Impensable: que el festival no se entienda sin Twitter
Exprimir al máximo el evento requiere una habilidad extraordinaria, pues hay que estar pendiente de varias cosas a la vez: el televisor, WhatsApp (conocer la opinión de tu cuñado resulta obligado) y, sobre todo, Twitter (por no hablar de manejar también unas cervezas y una pizza). Ya no nos vale con tener nuestra propia opinión de lo que estamos viendo, sino que necesitamos conocer ansiosamente qué opinan los demás. Sentirnos refrendados. De paso, podemos saber la opinión de famosos como Malú, que definía la actuación de Amaia y Alfred como “preciosa” y les deseaba mucha suerte.
Aberración: que Eurovisión sea actualmente un 'reality'
Lo que vimos en Lisboa en parte ya nos lo sabíamos. Ensayos, semifinales… todo ha sido previamente documentado y difundido por canales de televisión e Internet. Si pensamos, además, que últimamente el espectáculo se antepone a la música, conocer los golpes de efecto de antemano chafa en cierto modo la experiencia de la gala final. Admitámoslo: Eurovisión se ha convertido en un reality de una semana de duración, en el que los preparativos, las pruebas sobre el escenario, los cambios de vestuario, las historias personales de los cantantes (enfermedades incluidas), las apuestas y los cotilleos se acumulan hasta alcanzar el clímax el sábado por la noche.

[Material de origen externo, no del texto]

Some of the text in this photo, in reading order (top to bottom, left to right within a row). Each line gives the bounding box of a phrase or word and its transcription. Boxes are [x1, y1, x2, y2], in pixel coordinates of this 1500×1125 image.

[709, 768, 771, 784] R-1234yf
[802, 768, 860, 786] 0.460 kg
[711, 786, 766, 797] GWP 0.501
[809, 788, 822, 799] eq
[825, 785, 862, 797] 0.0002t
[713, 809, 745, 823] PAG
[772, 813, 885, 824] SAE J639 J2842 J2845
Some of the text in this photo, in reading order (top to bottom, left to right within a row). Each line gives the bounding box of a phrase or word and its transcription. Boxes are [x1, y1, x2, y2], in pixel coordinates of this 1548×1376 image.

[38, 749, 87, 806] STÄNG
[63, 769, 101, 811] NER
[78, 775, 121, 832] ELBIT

Aberración: que salga un espontáneo
Nos quedamos de piedra: en mitad de la canción de la representante del Reino Unido, un individuo salta al escenario y le arrebata el micrófono. No es, sin embargo, la primera vez que sucede. Ya al español Daniel Diges le ocurrió algo similar. Y lo peor es que en los días previos al festival, en redes sociales se jugaba con la posibilidad de que un espontáneo tuviera su minuto de gloria para reivindicar alguna causa, como si fuera algo previsible. Al espectador añejo esto le habría sacado de sus casillas. Por suerte, comprobamos que no tiene efecto en el resultado final, ni para bien ni para mal.
Impensable: escuchar música country (o heavy metal)

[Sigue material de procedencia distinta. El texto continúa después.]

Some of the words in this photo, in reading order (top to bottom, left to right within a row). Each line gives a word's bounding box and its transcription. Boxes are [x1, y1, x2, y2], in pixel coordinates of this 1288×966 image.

En otros tiempos, el festival era una ocasión perfecta para paladear las delicadas melodías de la canción italiana, francesa… Pero la música de hoy es como el café de Starbucks: es igual aquí y en China. Eurovisión no se ha salvado de la globalización, como prueba que una canción de country-rock (estilo puramente estadounidense) se haya colado incongruentemente en representación de Holanda. Tampoco se habría comprendido en el pasado la aportación metalera de los músicos de Hungría. En realidad, ni siquiera se comprende en la actualidad.